(EXERCISE PROMPT) Where a picture shows up in the listing below, omit it and output the rest exactly.

(MATERIAL SUPPLIED)

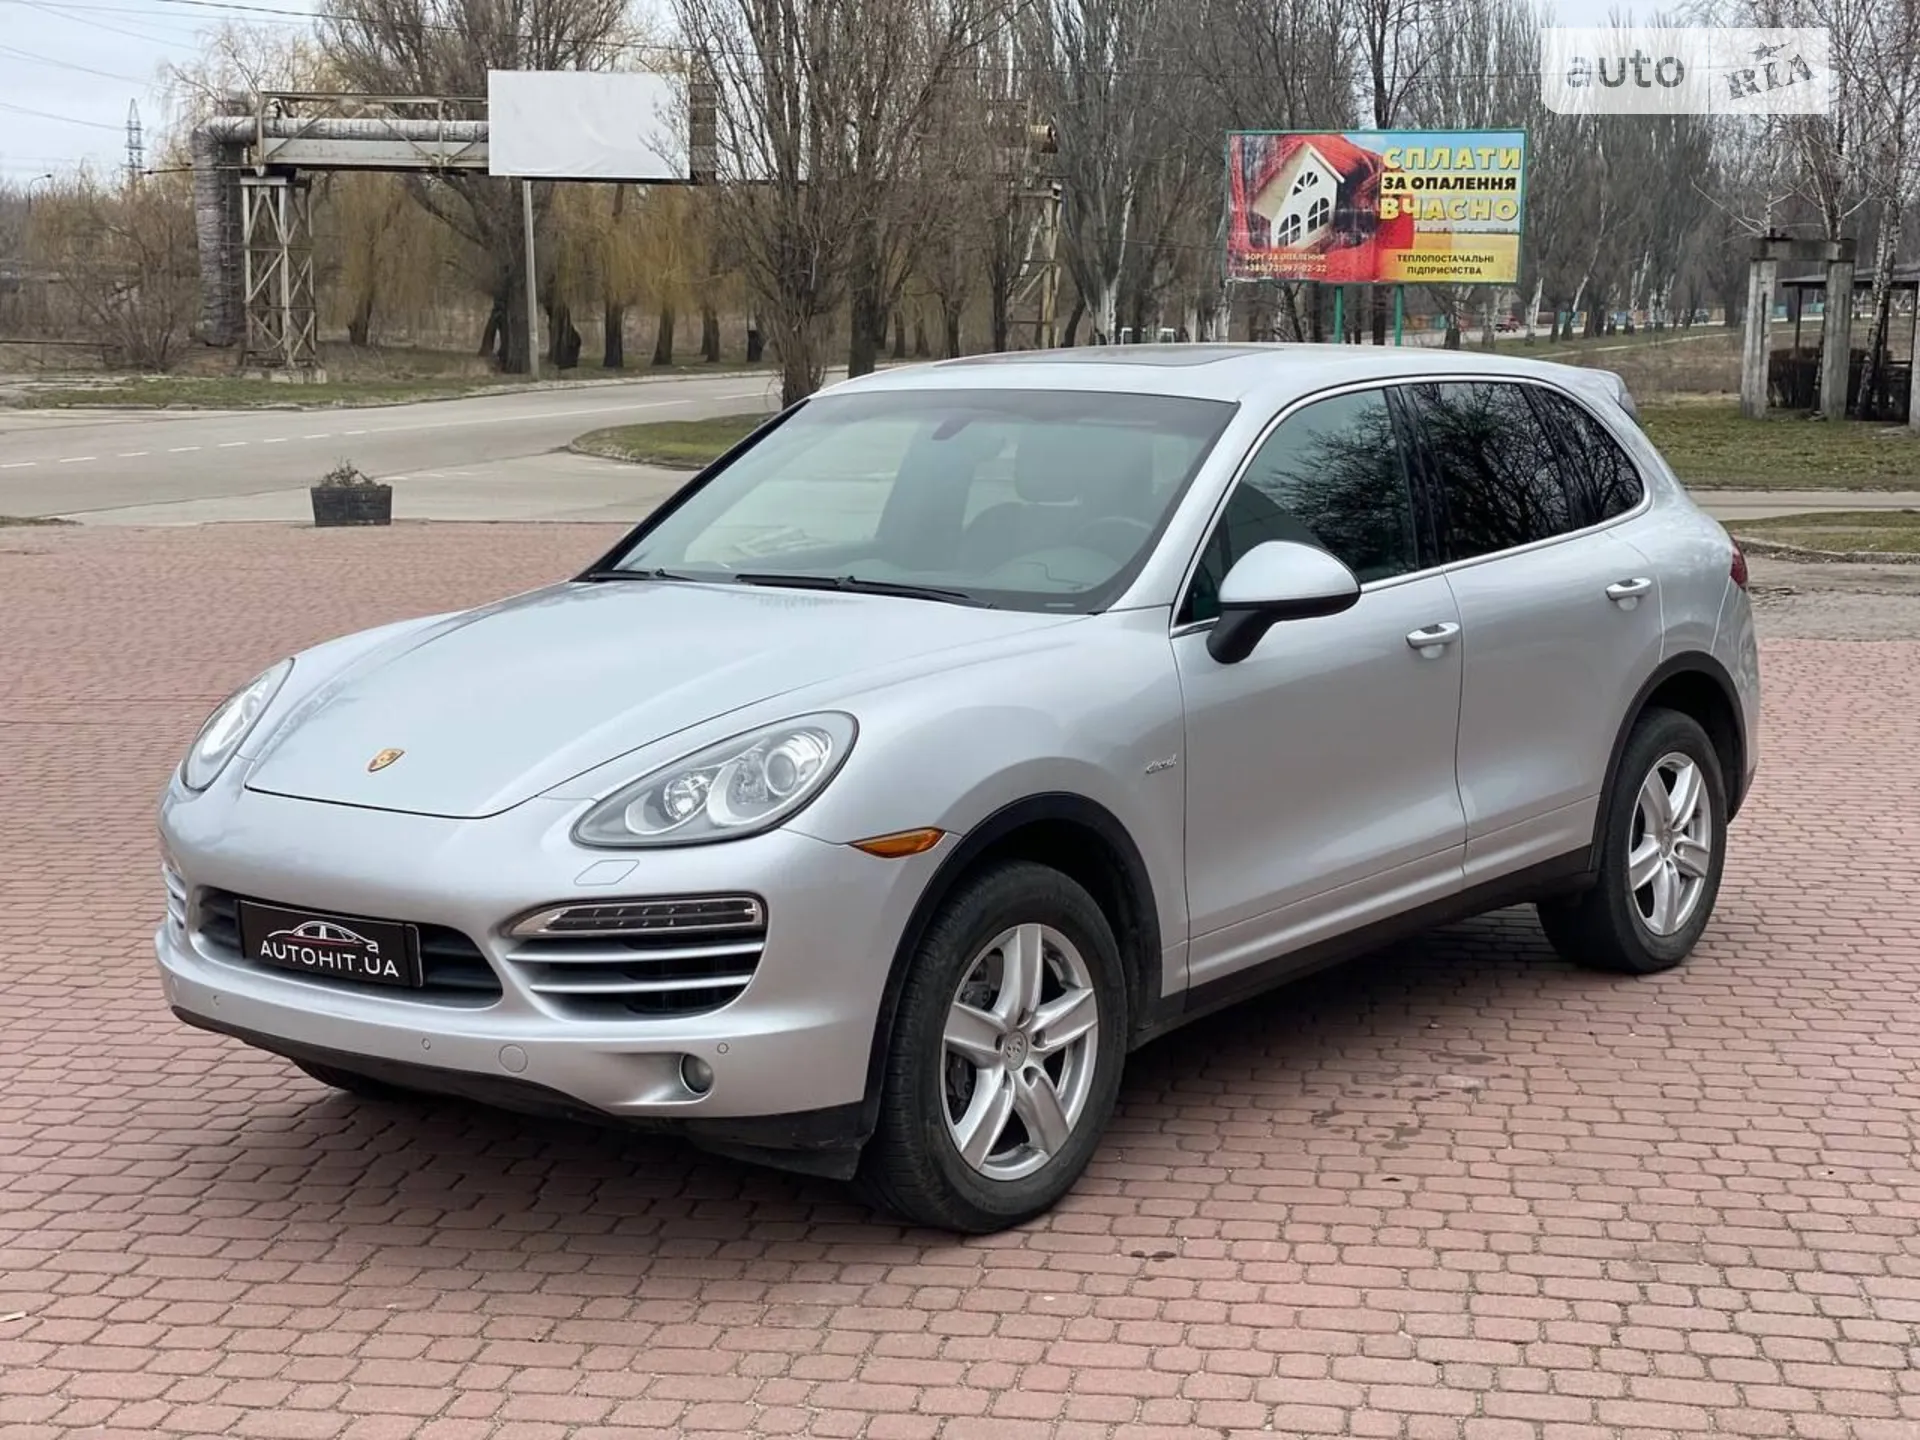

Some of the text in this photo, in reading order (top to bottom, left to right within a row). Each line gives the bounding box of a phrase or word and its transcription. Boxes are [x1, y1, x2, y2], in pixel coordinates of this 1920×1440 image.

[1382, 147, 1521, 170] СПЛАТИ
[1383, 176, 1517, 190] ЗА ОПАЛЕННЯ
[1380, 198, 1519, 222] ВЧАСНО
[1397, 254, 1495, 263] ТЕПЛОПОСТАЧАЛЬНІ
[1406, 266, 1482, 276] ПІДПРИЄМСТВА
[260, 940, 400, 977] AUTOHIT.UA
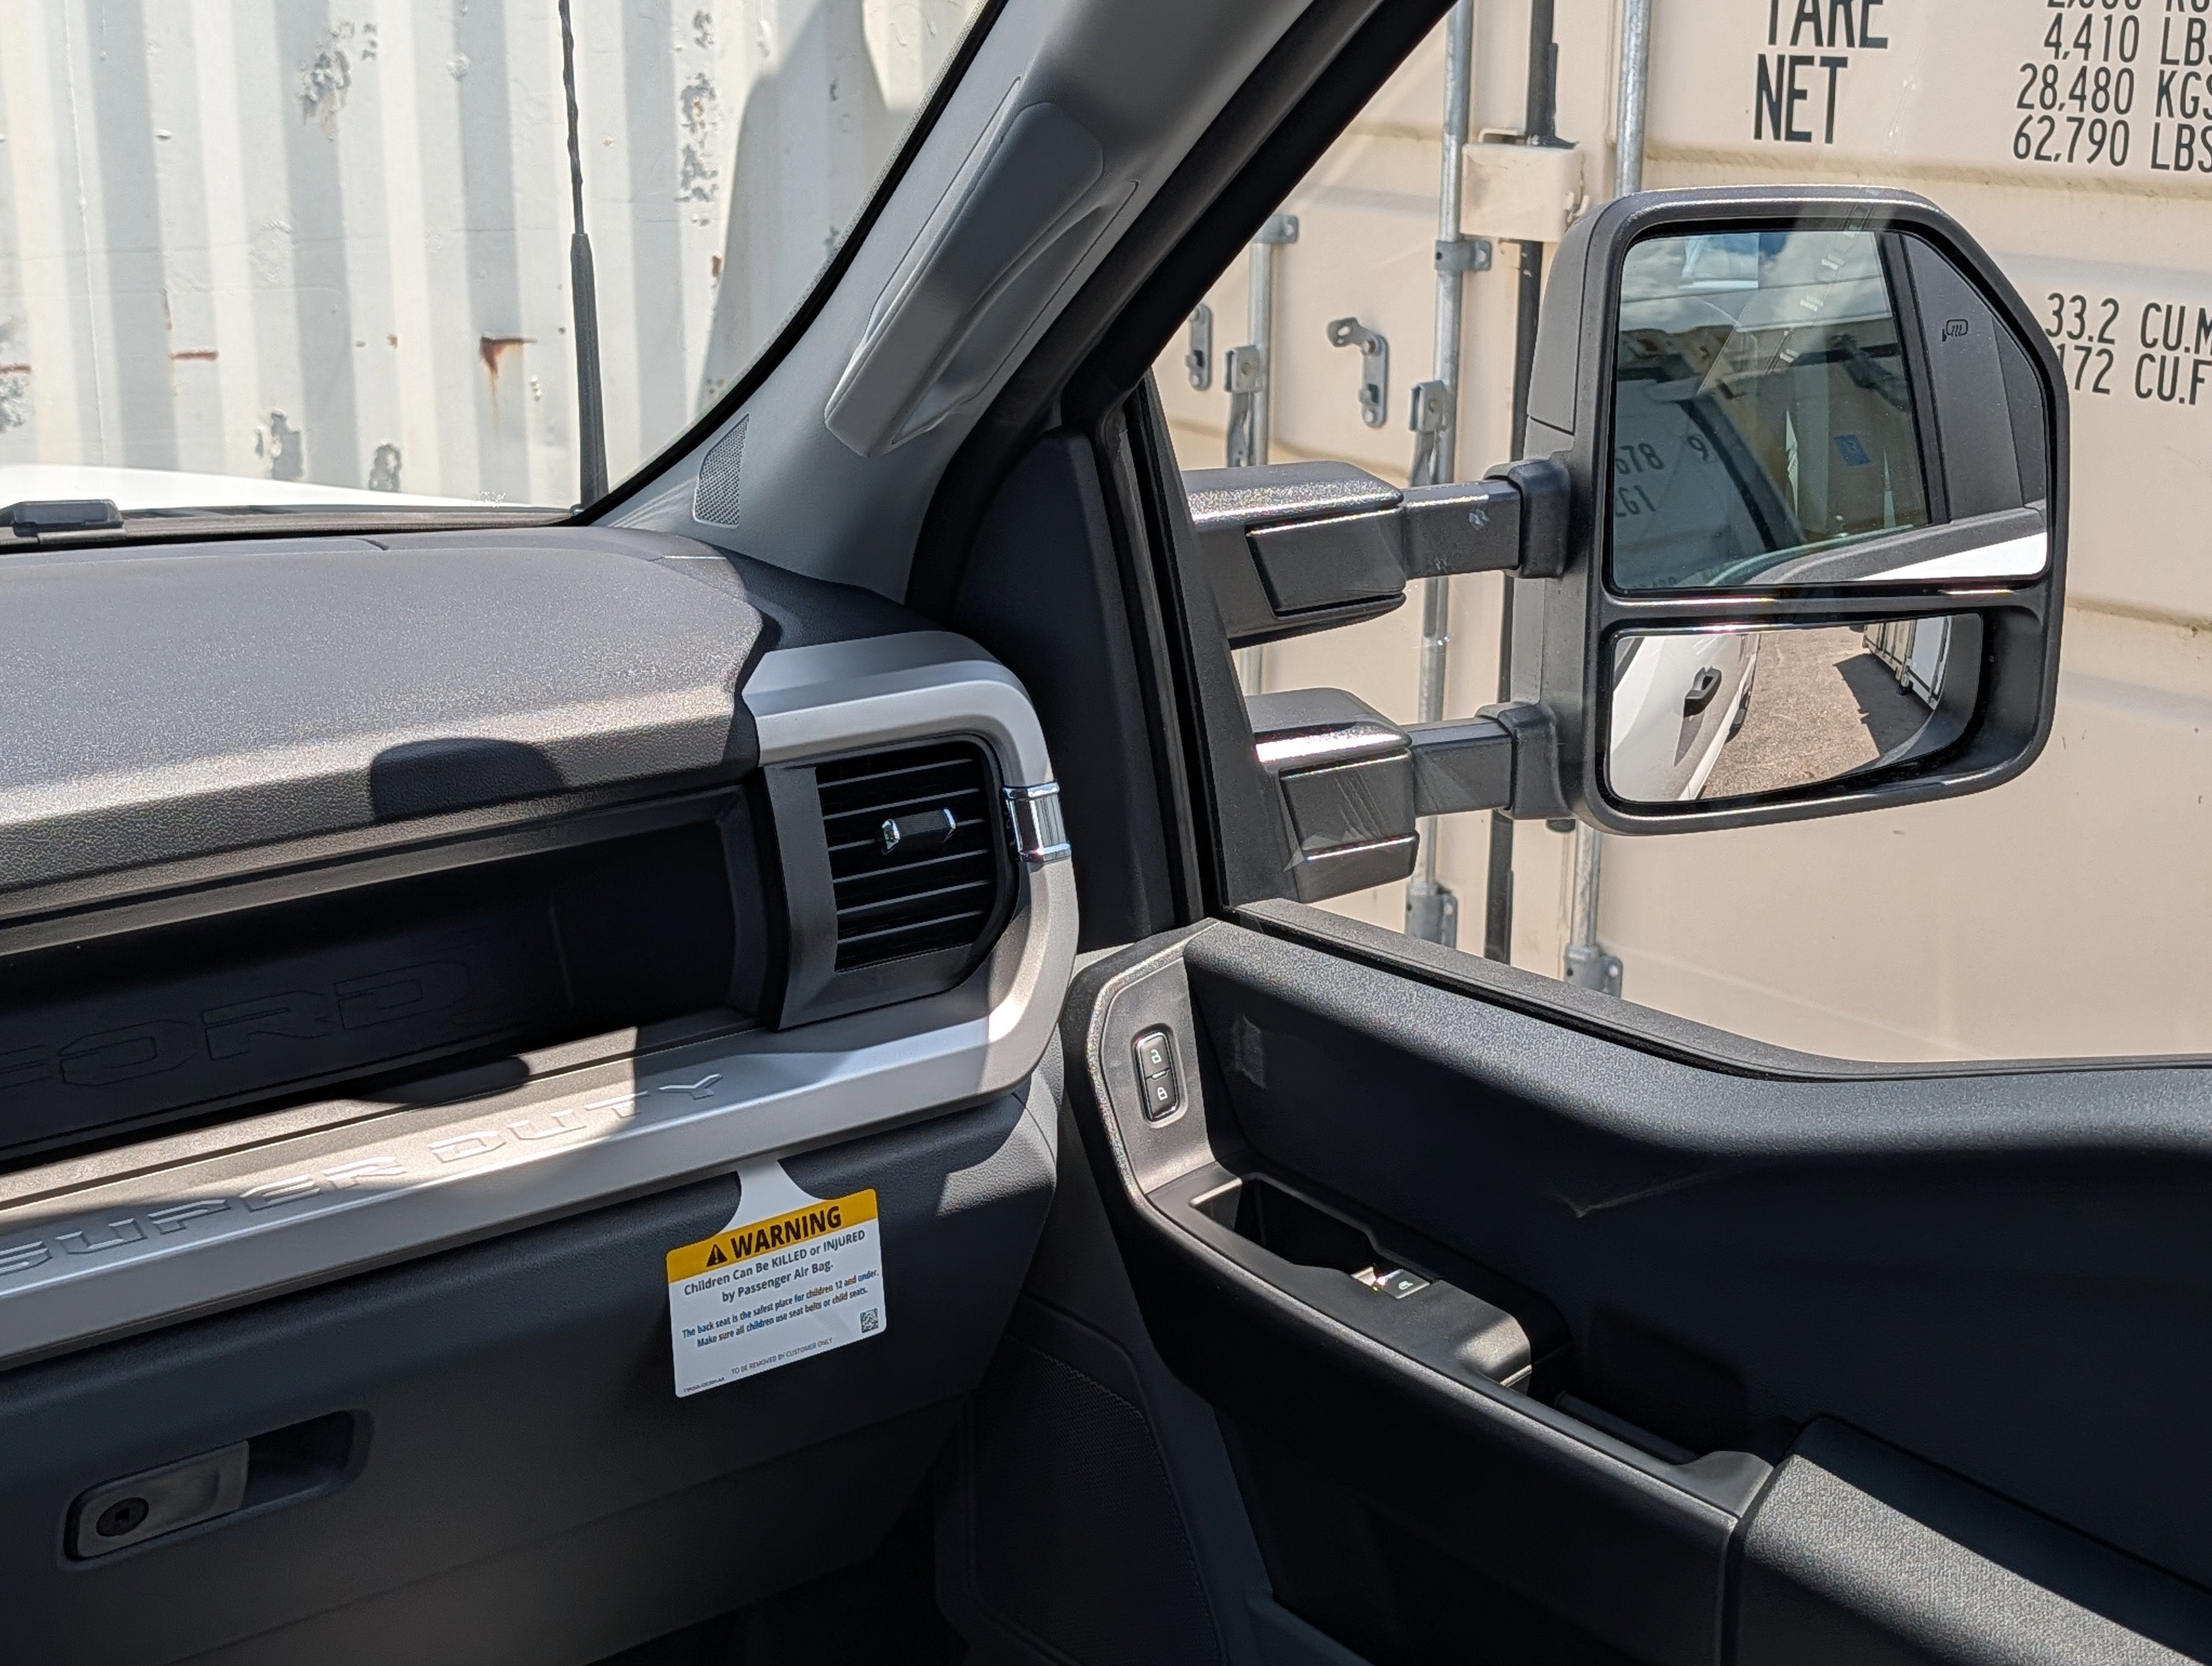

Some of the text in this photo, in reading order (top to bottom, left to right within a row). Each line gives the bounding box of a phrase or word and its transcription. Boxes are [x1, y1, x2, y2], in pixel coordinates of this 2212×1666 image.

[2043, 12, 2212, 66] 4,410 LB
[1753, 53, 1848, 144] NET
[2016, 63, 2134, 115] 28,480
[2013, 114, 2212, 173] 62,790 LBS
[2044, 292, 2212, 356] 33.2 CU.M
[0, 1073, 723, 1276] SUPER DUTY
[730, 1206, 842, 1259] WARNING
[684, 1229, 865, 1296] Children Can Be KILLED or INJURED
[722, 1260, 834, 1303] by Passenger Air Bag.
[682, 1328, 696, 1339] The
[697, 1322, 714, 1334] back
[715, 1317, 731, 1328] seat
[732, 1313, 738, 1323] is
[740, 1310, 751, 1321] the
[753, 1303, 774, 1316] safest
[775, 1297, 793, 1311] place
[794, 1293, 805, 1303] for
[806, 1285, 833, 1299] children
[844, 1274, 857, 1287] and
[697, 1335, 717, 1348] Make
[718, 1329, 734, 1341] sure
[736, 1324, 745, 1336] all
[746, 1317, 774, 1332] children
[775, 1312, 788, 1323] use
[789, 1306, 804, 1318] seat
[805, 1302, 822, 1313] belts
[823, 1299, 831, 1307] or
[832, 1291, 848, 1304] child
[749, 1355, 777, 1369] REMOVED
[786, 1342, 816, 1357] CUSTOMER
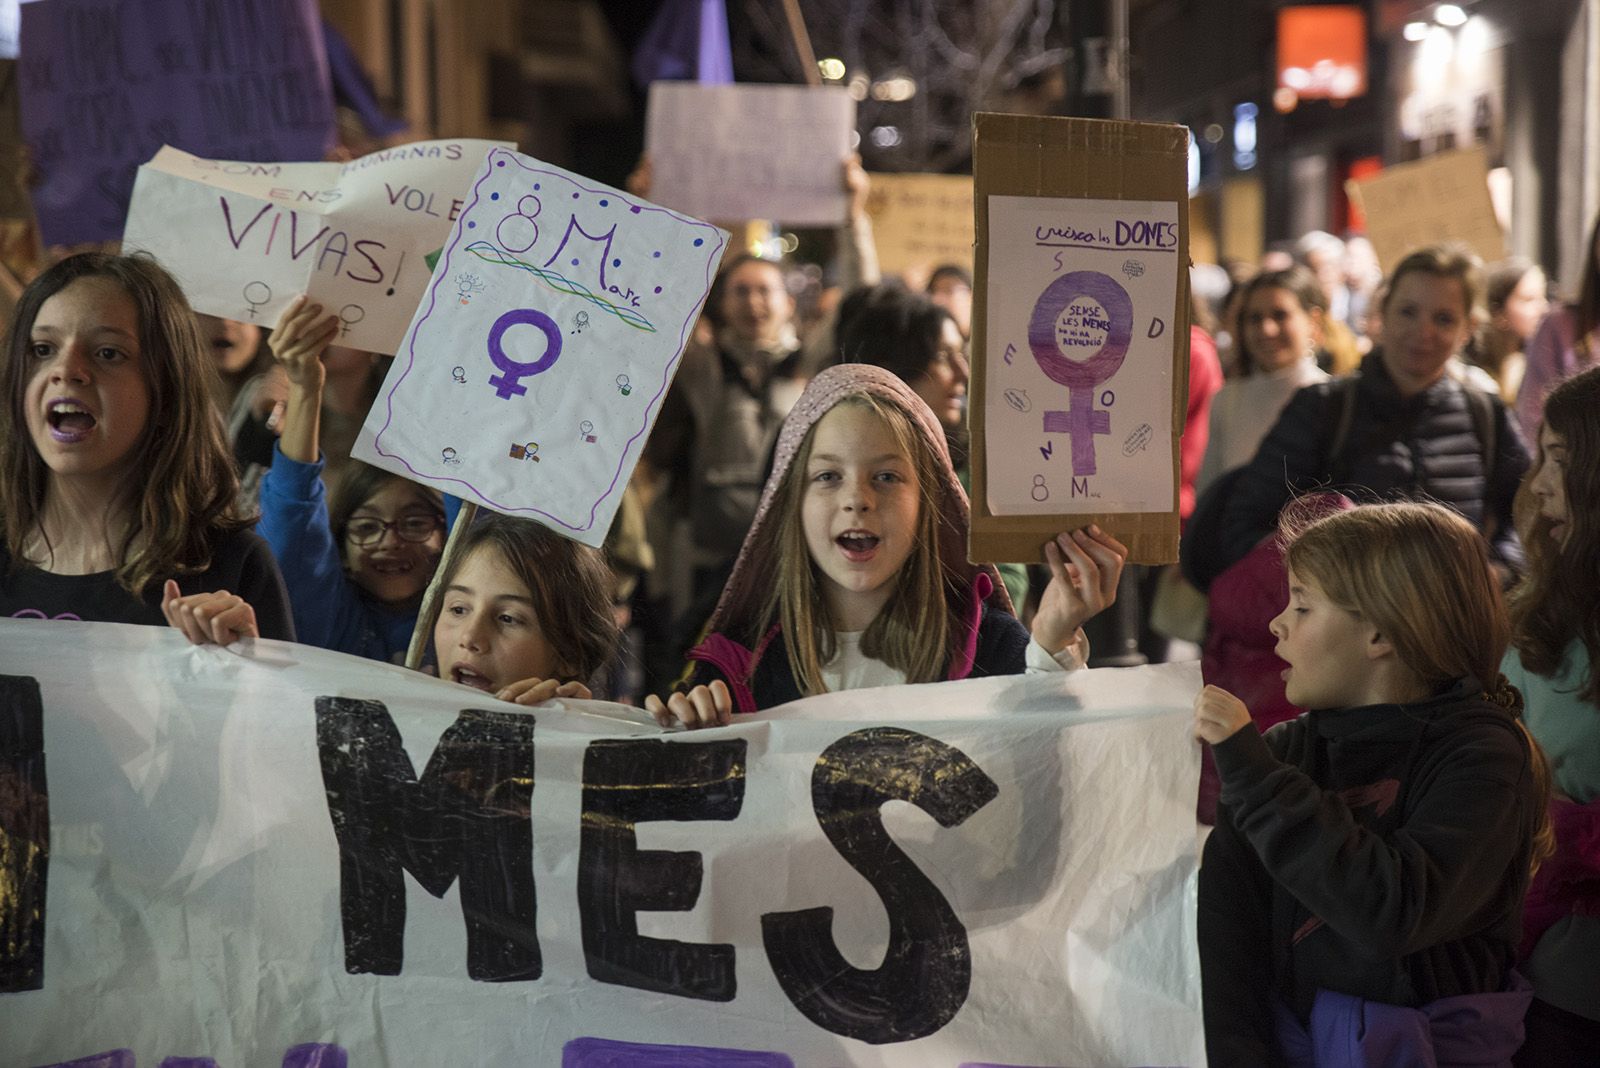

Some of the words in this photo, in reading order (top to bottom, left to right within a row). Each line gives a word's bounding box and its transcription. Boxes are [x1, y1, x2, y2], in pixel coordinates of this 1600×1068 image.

(OUTPUT)
Some of the text in this photo, in reading order (top to bottom, left to right within a row). Each line gives the bounding box of a phrase or word and its transcription. Boxes are [x1, y1, x2, y2], in pixel coordinates of this 1920×1440 image.

[1382, 147, 1521, 170] СПЛАТИ
[1383, 176, 1517, 190] ЗА ОПАЛЕННЯ
[1380, 198, 1519, 222] ВЧАСНО
[1397, 254, 1495, 263] ТЕПЛОПОСТАЧАЛЬНІ
[1406, 266, 1482, 276] ПІДПРИЄМСТВА
[260, 940, 400, 977] AUTOHIT.UA

Some of the text in this photo, in reading order (top to bottom, left to right within a row). Each line gives the bounding box of a phrase or word and its transcription. Boxes are [x1, y1, x2, y2], in pixel coordinates of this 2212×1666 image.

[2043, 12, 2212, 66] 4,410 LB
[1753, 53, 1848, 144] NET
[2016, 63, 2134, 115] 28,480
[2013, 114, 2212, 173] 62,790 LBS
[2044, 292, 2212, 356] 33.2 CU.M
[0, 1073, 723, 1276] SUPER DUTY
[730, 1206, 842, 1259] WARNING
[684, 1229, 865, 1296] Children Can Be KILLED or INJURED
[722, 1260, 834, 1303] by Passenger Air Bag.
[682, 1328, 696, 1339] The
[697, 1322, 714, 1334] back
[715, 1317, 731, 1328] seat
[732, 1313, 738, 1323] is
[740, 1310, 751, 1321] the
[753, 1303, 774, 1316] safest
[775, 1297, 793, 1311] place
[794, 1293, 805, 1303] for
[806, 1285, 833, 1299] children
[844, 1274, 857, 1287] and
[697, 1335, 717, 1348] Make
[718, 1329, 734, 1341] sure
[736, 1324, 745, 1336] all
[746, 1317, 774, 1332] children
[775, 1312, 788, 1323] use
[789, 1306, 804, 1318] seat
[805, 1302, 822, 1313] belts
[823, 1299, 831, 1307] or
[832, 1291, 848, 1304] child
[749, 1355, 777, 1369] REMOVED
[786, 1342, 816, 1357] CUSTOMER

Some of the words in this photo, in reading order (top to bottom, left to right within a row). Each line gives a word's bounding box and its transcription. Boxes are [x1, y1, x2, y2], in pixel coordinates of this 1600×1068 image.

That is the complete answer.